▶ **Exercise brief**:
Each entry below is to be given again word for word, with no pictures.

▶ **Study material**:

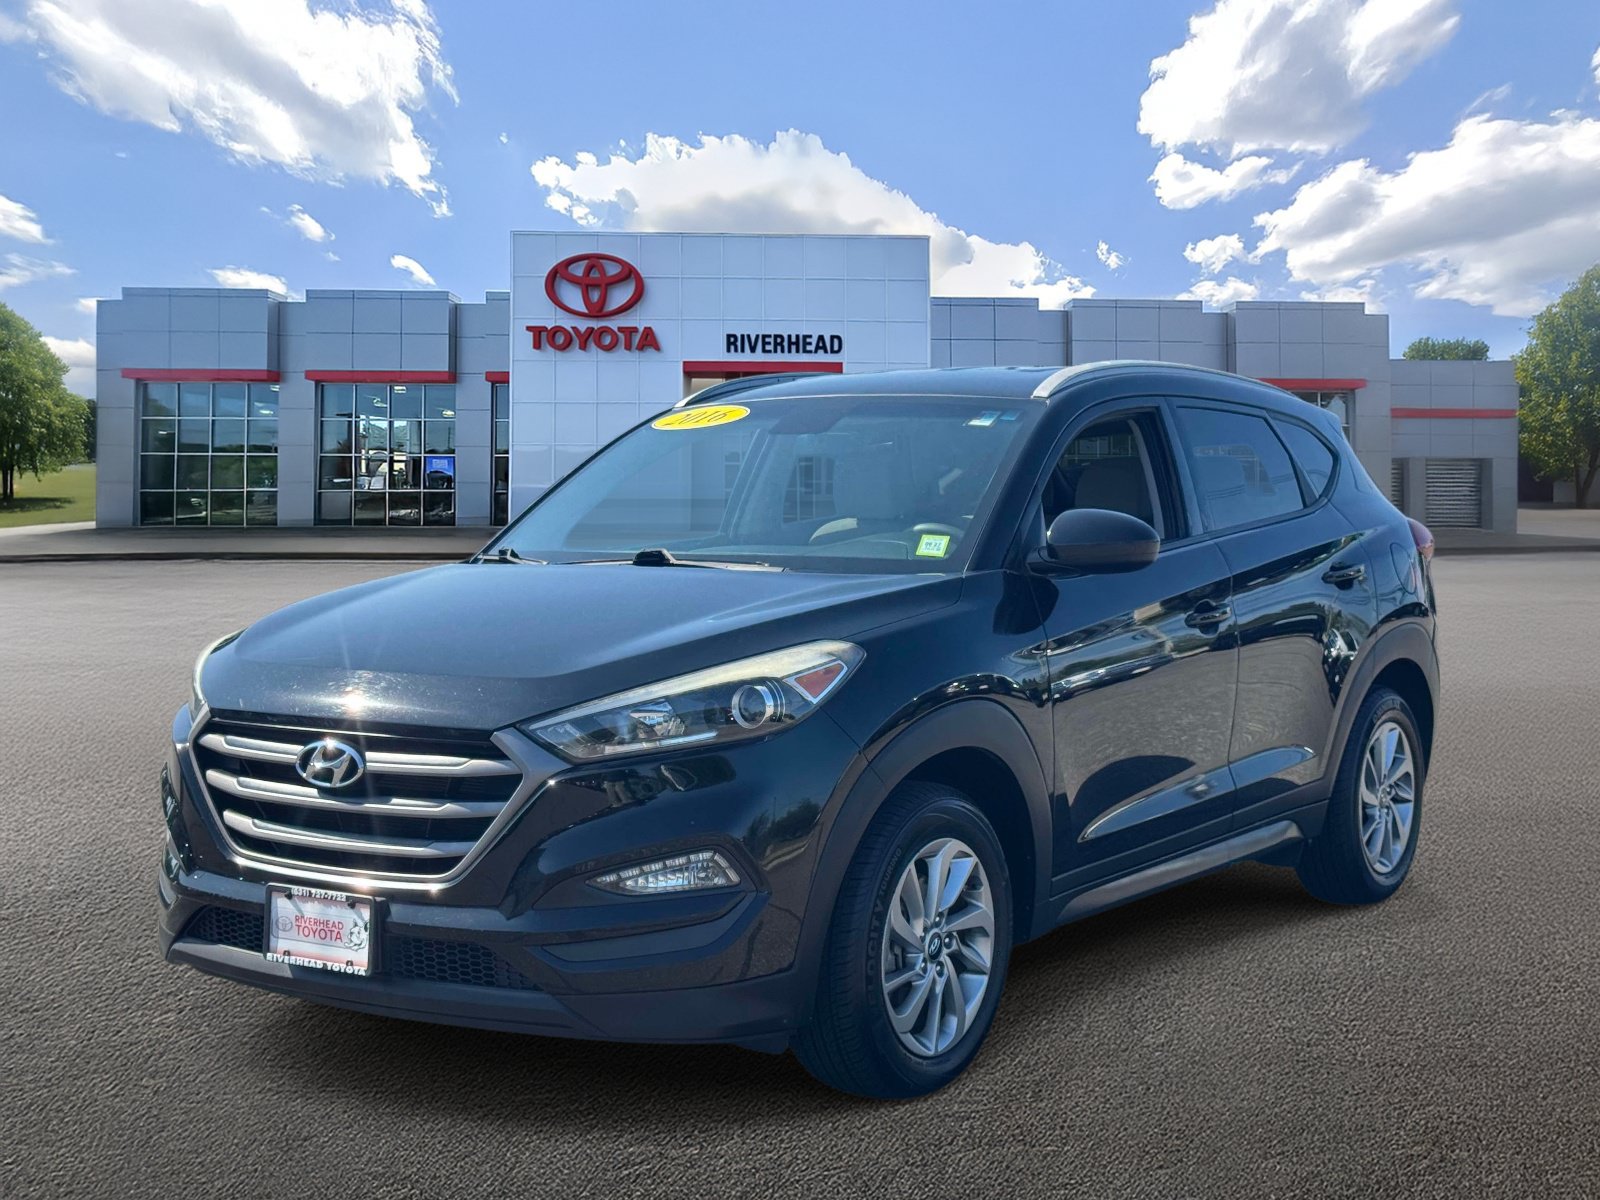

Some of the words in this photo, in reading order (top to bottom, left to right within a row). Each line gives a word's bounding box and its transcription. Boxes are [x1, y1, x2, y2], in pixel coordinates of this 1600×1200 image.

[526, 325, 661, 352] TOYOTA
[726, 333, 843, 354] RIVERHEAD
[662, 409, 737, 427] 2016
[294, 915, 344, 930] RIVERHEAD
[295, 924, 343, 942] TOYOTA
[266, 952, 324, 969] RIVERHEAD
[324, 962, 366, 976] TOYOTA

▶ **Output below**:
Some of the words in this photo, in reading order (top to bottom, left to right within a row). Each line gives a word's bounding box and its transcription. Boxes are [x1, y1, x2, y2], in pixel coordinates of this 1600×1200 image.

[526, 325, 661, 352] TOYOTA
[726, 333, 843, 354] RIVERHEAD
[662, 409, 737, 427] 2016
[294, 915, 344, 930] RIVERHEAD
[295, 924, 343, 942] TOYOTA
[266, 952, 324, 969] RIVERHEAD
[324, 962, 366, 976] TOYOTA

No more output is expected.